*Spatial localization data*:
■ ■ ■ ■

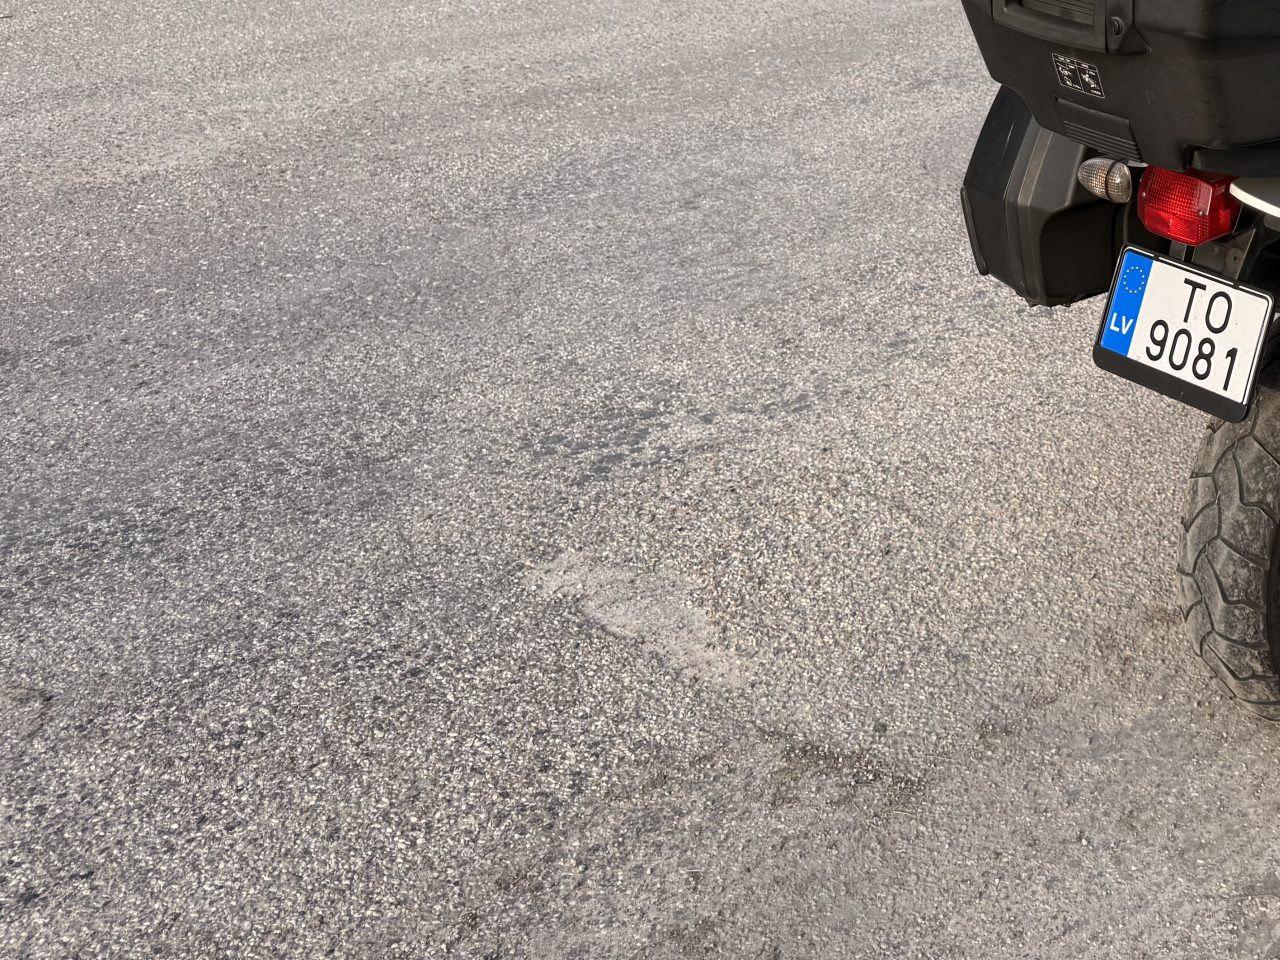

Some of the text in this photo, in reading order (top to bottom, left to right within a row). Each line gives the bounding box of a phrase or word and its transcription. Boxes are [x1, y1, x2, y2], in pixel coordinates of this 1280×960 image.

[1110, 313, 1134, 335] LV
[1184, 277, 1233, 334] TO
[1146, 319, 1239, 392] 9081
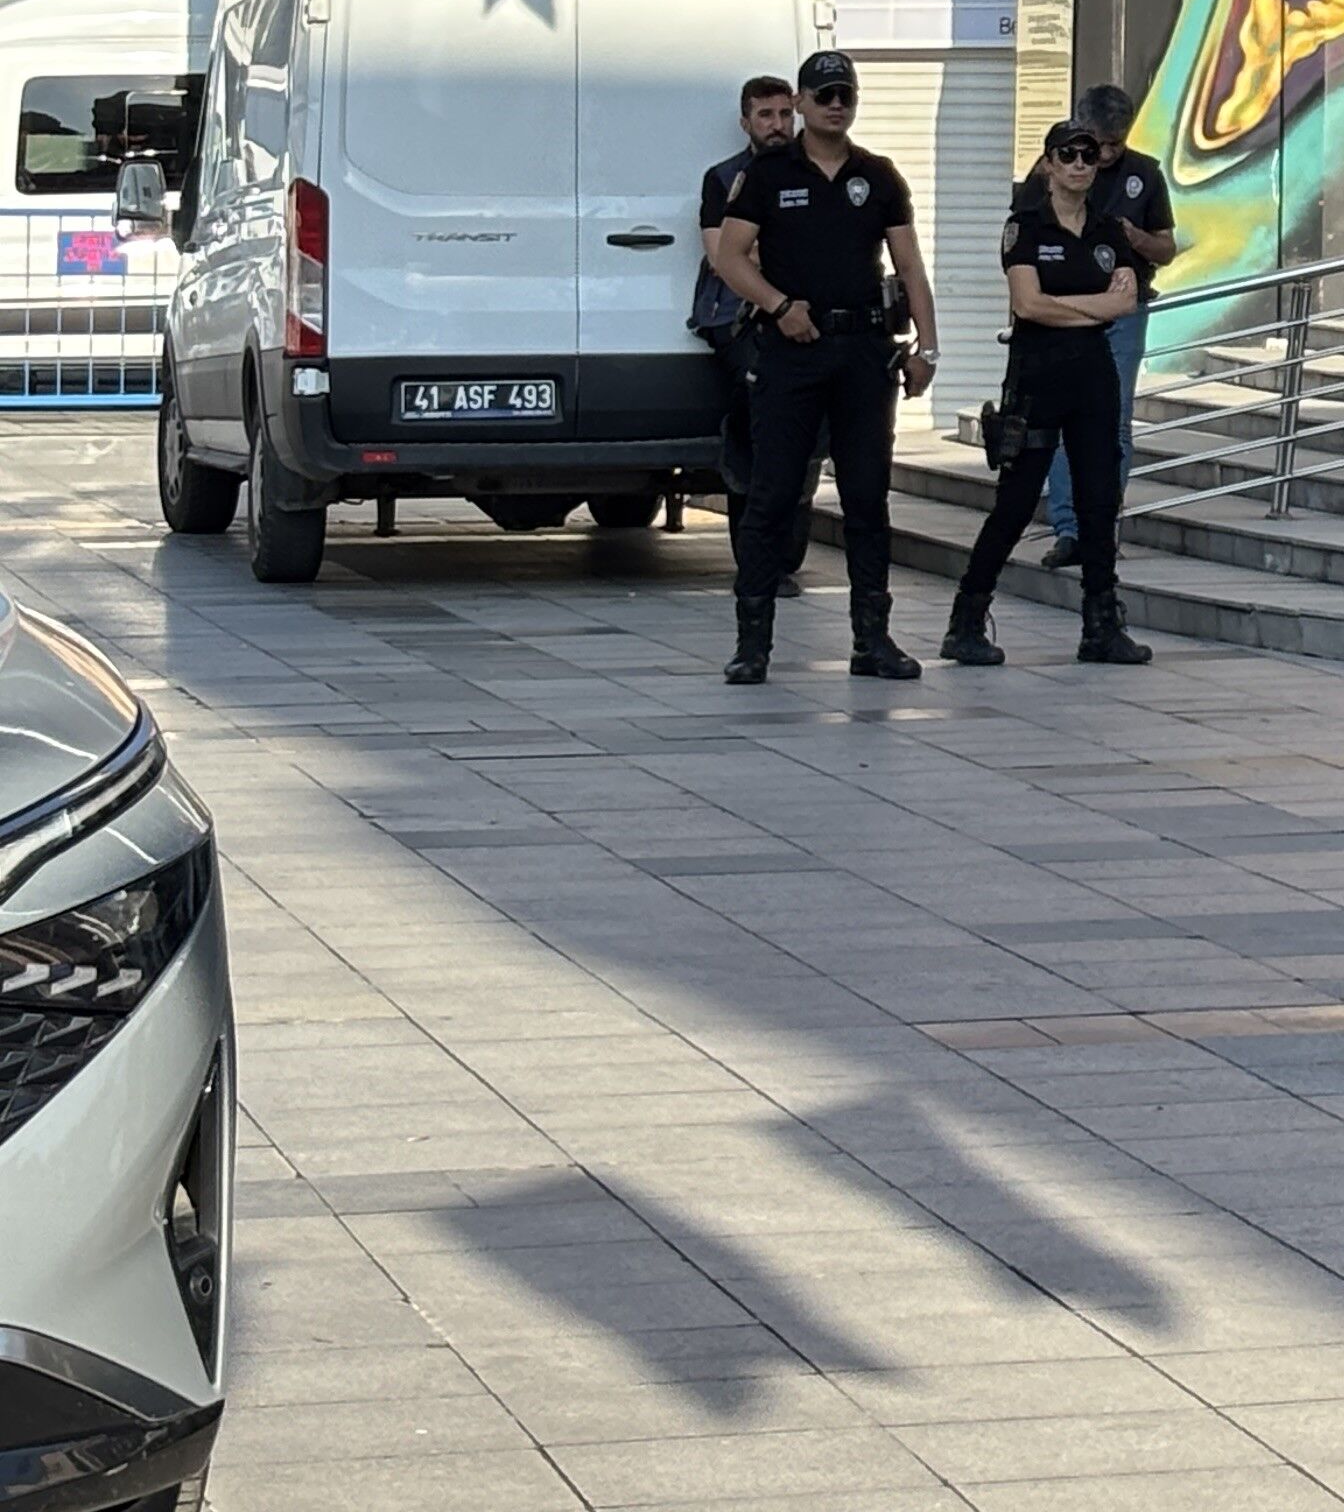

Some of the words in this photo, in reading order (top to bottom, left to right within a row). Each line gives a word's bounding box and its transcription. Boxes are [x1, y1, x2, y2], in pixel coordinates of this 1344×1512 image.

[414, 384, 440, 410] 41
[454, 384, 497, 410] ASF
[508, 384, 550, 409] 493

■ ■ ■ ■

Copy out every entry above exactly. Leave the pictures out.

*Answer space*:
Some of the text in this photo, in reading order (top to bottom, left to right within a row). Each line gives the bounding box of a phrase or word and its transcription. Boxes are [x1, y1, x2, y2], in pixel coordinates of this 1280×960 image.

[1110, 313, 1134, 335] LV
[1184, 277, 1233, 334] TO
[1146, 319, 1239, 392] 9081

Some of the words in this photo, in reading order (top to bottom, left to right within a row). Each line gives a word's bounding box and its transcription. Boxes are [x1, y1, x2, y2], in pixel coordinates of this 1344×1512 image.

[414, 384, 440, 410] 41
[454, 384, 497, 410] ASF
[508, 384, 550, 409] 493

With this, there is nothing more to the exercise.